De lo que no hay duda es de la calidad técnica del cuadro. Vincent Pomarède dice de él: “es una realización ejemplar por los efectos sutiles de la luz sobre las carnaduras y el brío del paisaje que constituye el fondo del cuadro. El modelado del rostro es sorprendentemente realista. Leonardo ejecutó este cuadro con paciencia y virtuosismo: después de haber preparado su tabla de madera con varias capas de enlucido, primero dibujó su motivo directamente sobre el cuadro mismo, antes de pintar al óleo con los colores muy diluidos en aceite esencial, lo cual le permite poner innumerables capas de colores transparentes, llamadas veladura, y volver indefinidamente sobre el modelado del rostro. Estas veladuras, sabiamente trabajadas, al darle valor a los efectos de luz y de sombra sobre el rostro, constituyen lo que Leonardo mismo llama el "sfumato". Esta técnica permite una imitación perfecta de las carnaduras, gracias a un tratamiento refinado de la figura humana sumida en una penumbra, el claroscuro, lo que permite a Leonardo satisfacer sus preocupaciones de realismo”.

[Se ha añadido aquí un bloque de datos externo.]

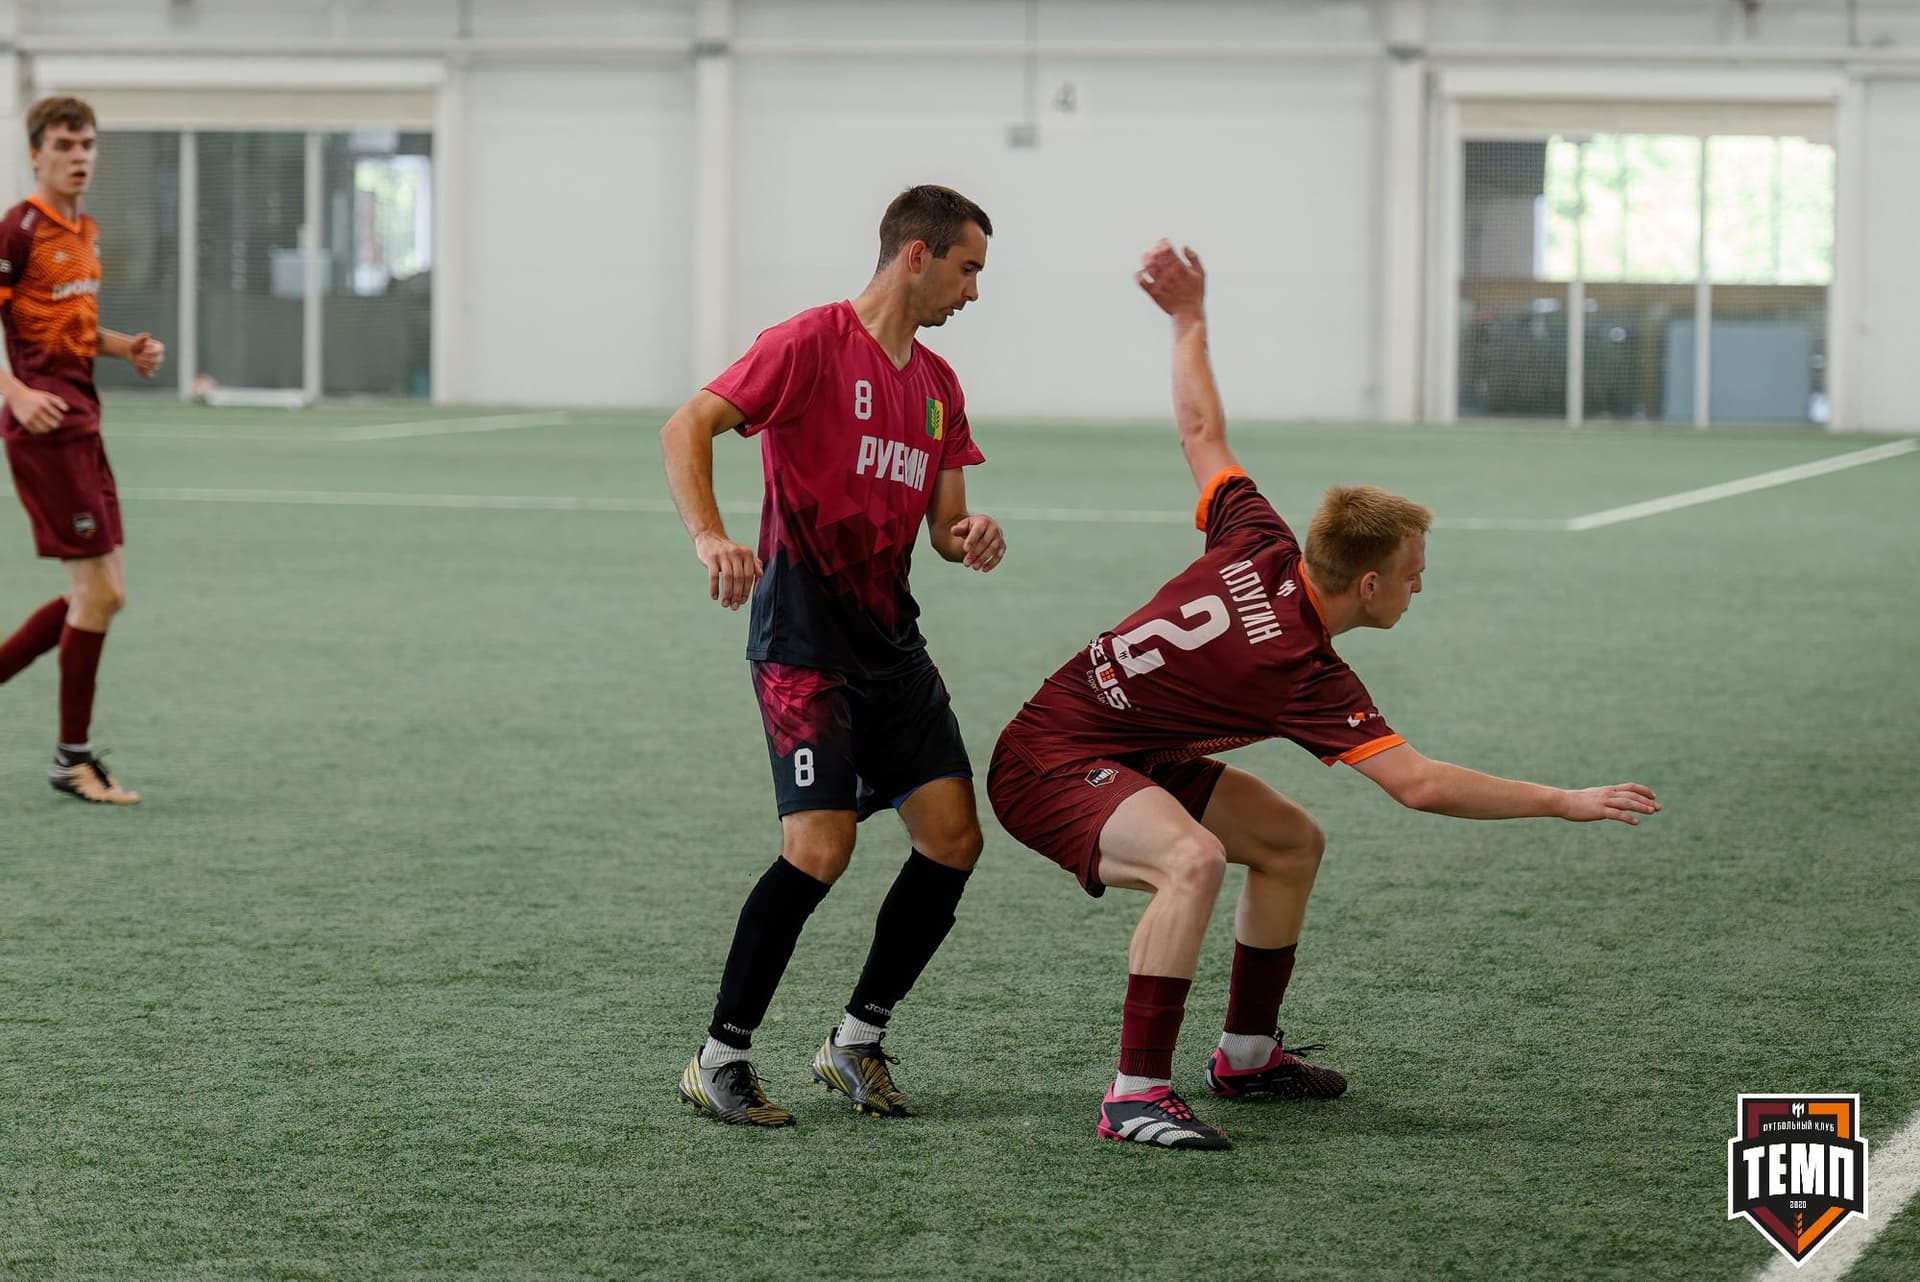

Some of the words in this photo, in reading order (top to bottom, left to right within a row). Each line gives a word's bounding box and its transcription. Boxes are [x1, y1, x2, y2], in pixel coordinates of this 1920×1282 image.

[855, 380, 872, 420] 8
[856, 435, 929, 492] РУБИН
[1111, 594, 1231, 679] 2
[795, 748, 815, 787] 8

Pero aun más que el realismo, Leonardo captó la vida, el ánimo de la modelo. Vasari dijo de la obra que "sus ojos límpidos tienen el resplandor de la vida”.

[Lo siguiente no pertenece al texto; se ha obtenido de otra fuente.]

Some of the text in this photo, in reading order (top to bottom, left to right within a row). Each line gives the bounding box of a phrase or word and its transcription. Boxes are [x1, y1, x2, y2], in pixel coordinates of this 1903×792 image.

Hace ahora 500 años la obra pudo ser iniciada, y no se terminó hasta años más tarde. Adquirido por Francisco I, el cuadro permaneció en las colecciones reales francesas para integrarse luego en el Louvre en 1793. Paso por más tarde por Versalles y las Tullerías, y tras la Restauración, ya no se movió del Louvre... Hasta que llegó la triste noticia que lo hizo famoso en el mundo entero: en 1911 el cuadro, La Gioconda, desapareció, fue robado.
Hubo todo tipo de cábalas e investigaciones –incluso se creyó que había sido destruido por alguien vinculado a las nuevas vanguardias- hasta que apareció dos años más tarde en Italia. Había sido un robo “nacionalista”. Un pintor italiano quiso devolver el retrato de La Gioconda a su país.
Todo aquel revuelo no fue sino promoción mediática, que se aireó aún más con dos salidas emblemáticas desde su retiro de París: a Estados Unidos y a Japón. Ya tenemos los ingredientes para la consagración del icono en la religión del consumo: buena obra, historia novelesca y promoción mediática.